In man, Langham estimated 100 rads to the lung as a completely empirical judgment as to a level "at or above which biological consequences may ensue in a small population of limited distribution."
Originally posted by adeclerk
Originally posted by jimnuggits
It is more than apparent who you are, and what your motivation is.
Who am I? Why don't you share these details on the board?
Originally posted by jimnuggits
To say that there is no real data in that post is about as transparent as you can be.
Where is it? Link, source, etc. Please.
Originally posted by jimnuggits
No amount of money is worth selling your soul, friend.
Hell, I wish there was money in debunking. It's a thankless job, unfortunately. If I lead just one person away from ignorance, I'll be happy.
Originally posted by earthdude
reply to post by Mdv2
Where is the report that this doctor released? It does not exist. Radiation can be measured by an idiot like me so I imagine a doctor could do the same. No data, no report= HOAX!!!!! The radiation levels near the plant are much less than the levels of the average airplane flight anywhere. Millions more will die from flying.
Originally posted by earthdude
reply to post by Mdv2
Snip
The radiation levels near the plant are much less than the levels of the average airplane flight anywhere. Millions more will die from flying.
The highest rates were 0.66 mrem per hour during a Paris-Tokyo flight and 0.97 mrem per hour on the Concorde in 1996-1997.
Originally posted by buskey
Originally posted by earthdude
reply to post by Mdv2
Where is the report that this doctor released? It does not exist. Radiation can be measured by an idiot like me so I imagine a doctor could do the same. No data, no report= HOAX!!!!! The radiation levels near the plant are much less than the levels of the average airplane flight anywhere. Millions more will die from flying.
Wow, calling hoax already? And you've measured the levels near the plant yourself? Or maybe you're taking someone's word for that information? So where is YOUR proof to back up these 'claims' that levels are 'much less than the average airplane flight'? Surely there's no way the only company that could possible provide that information and has admittedly lied about the true severity of the problem since day one would ever under-report the radiation levels there.
Perhaps you'd like to move your family a little closer to the plant, maybe the extra rads would be good for your health?
Well, at least you did admit 'an idiot like me' so you do you know your limitations.edit on 22-6-2011 by buskey because: (no reason given)
Originally posted by earthdude
reply to post by jadedANDcynical
The average from your map is lower than the average from high altitude flight. This proves my point, does it not? I don't mean to underplay the severity of this disaster, but the radiation is not as hot as many think it is. there is the problem of particles getting on or in people, that would never really happen with solar radiation while flying.
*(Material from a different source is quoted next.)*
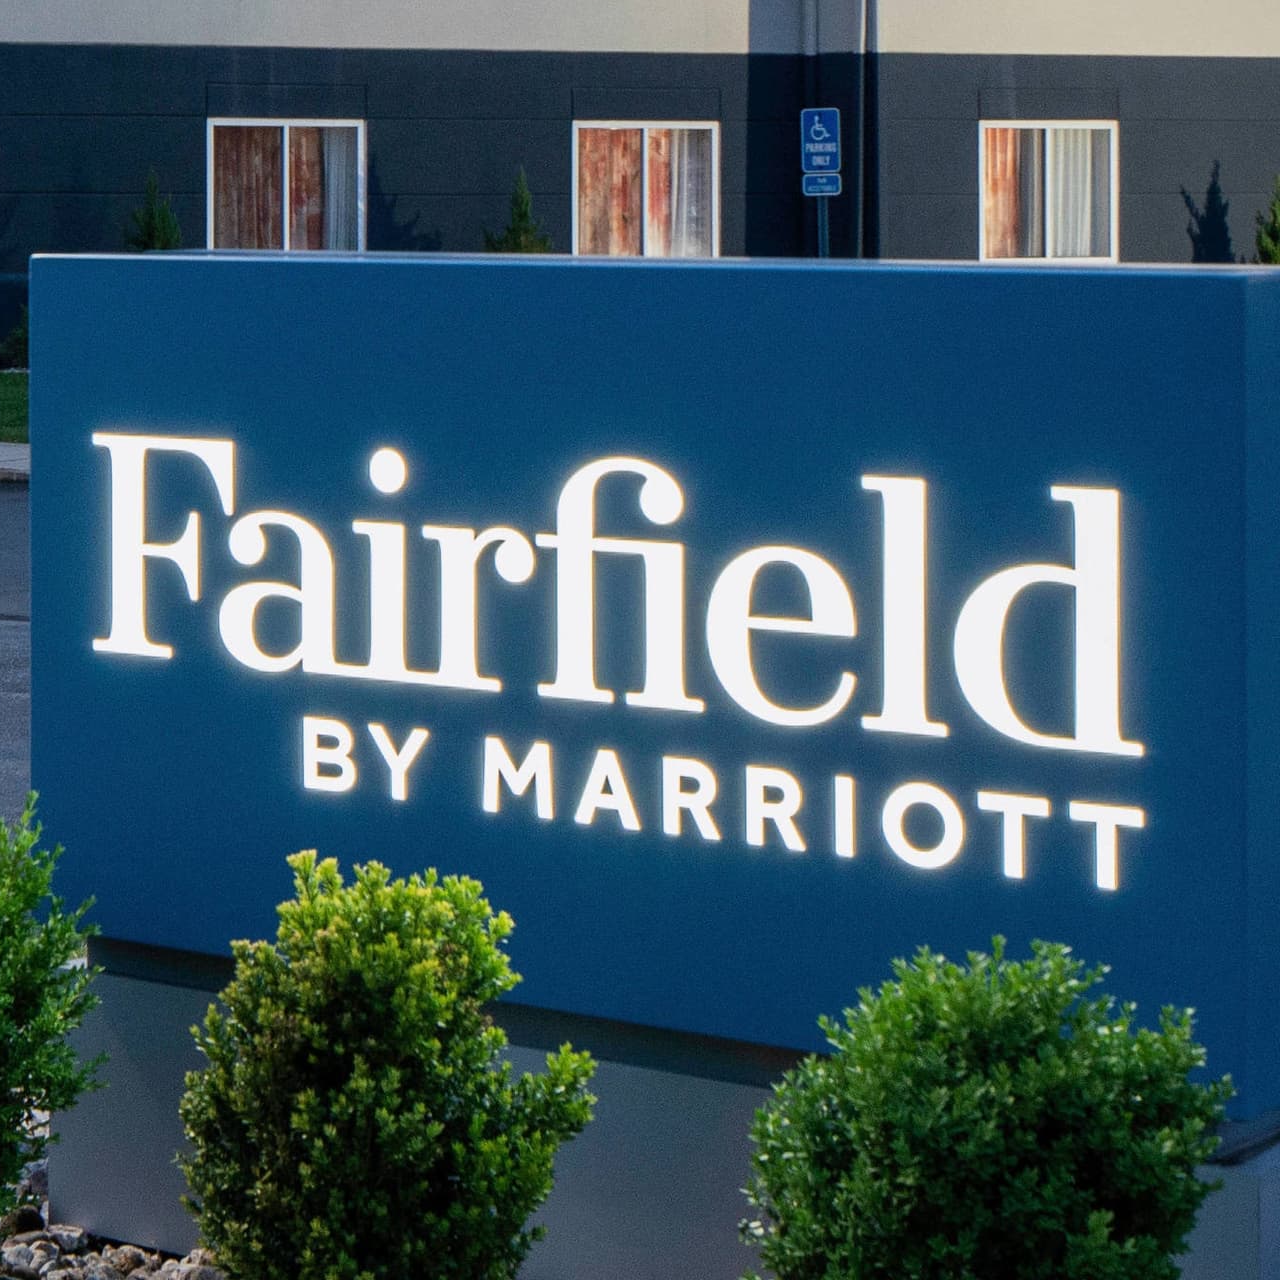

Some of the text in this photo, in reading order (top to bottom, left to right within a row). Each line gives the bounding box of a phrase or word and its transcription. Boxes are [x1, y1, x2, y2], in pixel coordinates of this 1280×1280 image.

Nasty Fukashima stuff, but it is not going to kill millions.
Masanori Monma, principal of the Kashima Elementary School in Minami Soma, borrowed a portable Geiger counter from the science ministry. Last month, he got a reading of 2.1 microsieverts an hour at a ditch next to a school flowerbed, about 35 times higher than in downtown Tokyo and at the top end of the annual safety limit for radiation exposure.
Average individual background radiation dose: 0.23μSv/h (0.00023mSv/h); 0.17μSv/h for Australians, 0.34μSv/h for Americans[6][11][12] The hourly doses are 1.6μSv/h (0.0016mSv/h, equivalent to 14mSv/year) in the city of Fukushima and 0.062μSv/h (0.000062mSv/h, equivalent to 0.54mSv/year) in Tokyo as of May 25, 2011.[13] Highest reported level during Fukushima accident: 204 Sv/h for the gas/steam inside the primary containment (drywell) of one of the reactors (note the reading is not micro or milli Sv, but Sv/h). [14]
Originally posted by BanMePlz
Is it a retaliatory attack for what haarp did to japan?